Collected data:
┄┄┄┄┄┄┄┄┄┄┄┄┄┄┄┄┄┄┄┄

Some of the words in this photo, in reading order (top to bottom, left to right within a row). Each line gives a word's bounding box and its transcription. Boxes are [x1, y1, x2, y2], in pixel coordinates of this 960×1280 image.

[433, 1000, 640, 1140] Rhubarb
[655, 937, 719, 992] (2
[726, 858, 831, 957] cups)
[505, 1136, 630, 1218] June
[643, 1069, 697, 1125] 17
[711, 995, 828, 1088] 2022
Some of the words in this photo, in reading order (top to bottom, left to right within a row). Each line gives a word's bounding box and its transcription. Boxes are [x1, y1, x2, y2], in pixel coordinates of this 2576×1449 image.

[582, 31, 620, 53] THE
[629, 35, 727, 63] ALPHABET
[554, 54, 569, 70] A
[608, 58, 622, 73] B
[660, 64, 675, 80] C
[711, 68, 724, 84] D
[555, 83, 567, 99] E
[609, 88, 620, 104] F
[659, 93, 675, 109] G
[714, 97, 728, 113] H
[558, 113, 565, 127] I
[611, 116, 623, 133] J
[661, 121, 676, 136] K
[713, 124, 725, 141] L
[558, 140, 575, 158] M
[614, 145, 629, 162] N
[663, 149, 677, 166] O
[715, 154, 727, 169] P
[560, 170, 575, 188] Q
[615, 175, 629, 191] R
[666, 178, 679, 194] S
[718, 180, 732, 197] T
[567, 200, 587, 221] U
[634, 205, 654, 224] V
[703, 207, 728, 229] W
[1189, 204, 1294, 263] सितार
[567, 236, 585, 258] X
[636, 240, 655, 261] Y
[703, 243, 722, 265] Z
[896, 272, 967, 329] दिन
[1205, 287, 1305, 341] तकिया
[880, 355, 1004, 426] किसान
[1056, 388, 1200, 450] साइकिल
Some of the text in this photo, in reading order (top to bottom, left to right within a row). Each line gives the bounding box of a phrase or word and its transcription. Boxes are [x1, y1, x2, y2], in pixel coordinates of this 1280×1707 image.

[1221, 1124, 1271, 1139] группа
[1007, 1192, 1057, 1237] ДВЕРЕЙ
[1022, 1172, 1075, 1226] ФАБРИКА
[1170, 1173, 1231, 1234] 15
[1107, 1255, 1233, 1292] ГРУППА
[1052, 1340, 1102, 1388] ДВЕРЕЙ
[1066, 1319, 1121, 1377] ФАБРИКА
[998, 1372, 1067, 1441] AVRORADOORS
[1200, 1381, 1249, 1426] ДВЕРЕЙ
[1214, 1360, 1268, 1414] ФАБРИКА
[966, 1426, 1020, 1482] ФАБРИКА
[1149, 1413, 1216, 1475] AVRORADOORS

┄┄┄┄┄┄┄┄┄┄┄┄┄┄┄┄┄┄┄┄

__WHAT IS REQUIRED__.
Reproduce every single entry above exactly.

__WRITTEN REPLY__.
Some of the words in this photo, in reading order (top to bottom, left to right within a row). Each line gives a word's bounding box and its transcription. Boxes are [x1, y1, x2, y2], in pixel coordinates of this 960×1280 image.

[433, 1000, 640, 1140] Rhubarb
[655, 937, 719, 992] (2
[726, 858, 831, 957] cups)
[505, 1136, 630, 1218] June
[643, 1069, 697, 1125] 17
[711, 995, 828, 1088] 2022
Some of the words in this photo, in reading order (top to bottom, left to right within a row). Each line gives a word's bounding box and its transcription. Boxes are [x1, y1, x2, y2], in pixel coordinates of this 2576×1449 image.

[582, 31, 620, 53] THE
[629, 35, 727, 63] ALPHABET
[554, 54, 569, 70] A
[608, 58, 622, 73] B
[660, 64, 675, 80] C
[711, 68, 724, 84] D
[555, 83, 567, 99] E
[609, 88, 620, 104] F
[659, 93, 675, 109] G
[714, 97, 728, 113] H
[558, 113, 565, 127] I
[611, 116, 623, 133] J
[661, 121, 676, 136] K
[713, 124, 725, 141] L
[558, 140, 575, 158] M
[614, 145, 629, 162] N
[663, 149, 677, 166] O
[715, 154, 727, 169] P
[560, 170, 575, 188] Q
[615, 175, 629, 191] R
[666, 178, 679, 194] S
[718, 180, 732, 197] T
[567, 200, 587, 221] U
[634, 205, 654, 224] V
[703, 207, 728, 229] W
[1189, 204, 1294, 263] सितार
[567, 236, 585, 258] X
[636, 240, 655, 261] Y
[703, 243, 722, 265] Z
[896, 272, 967, 329] दिन
[1205, 287, 1305, 341] तकिया
[880, 355, 1004, 426] किसान
[1056, 388, 1200, 450] साइकिल
Some of the text in this photo, in reading order (top to bottom, left to right within a row). Each line gives the bounding box of a phrase or word and its transcription. Boxes are [x1, y1, x2, y2], in pixel coordinates of this 1280×1707 image.

[1221, 1124, 1271, 1139] группа
[1007, 1192, 1057, 1237] ДВЕРЕЙ
[1022, 1172, 1075, 1226] ФАБРИКА
[1170, 1173, 1231, 1234] 15
[1107, 1255, 1233, 1292] ГРУППА
[1052, 1340, 1102, 1388] ДВЕРЕЙ
[1066, 1319, 1121, 1377] ФАБРИКА
[998, 1372, 1067, 1441] AVRORADOORS
[1200, 1381, 1249, 1426] ДВЕРЕЙ
[1214, 1360, 1268, 1414] ФАБРИКА
[966, 1426, 1020, 1482] ФАБРИКА
[1149, 1413, 1216, 1475] AVRORADOORS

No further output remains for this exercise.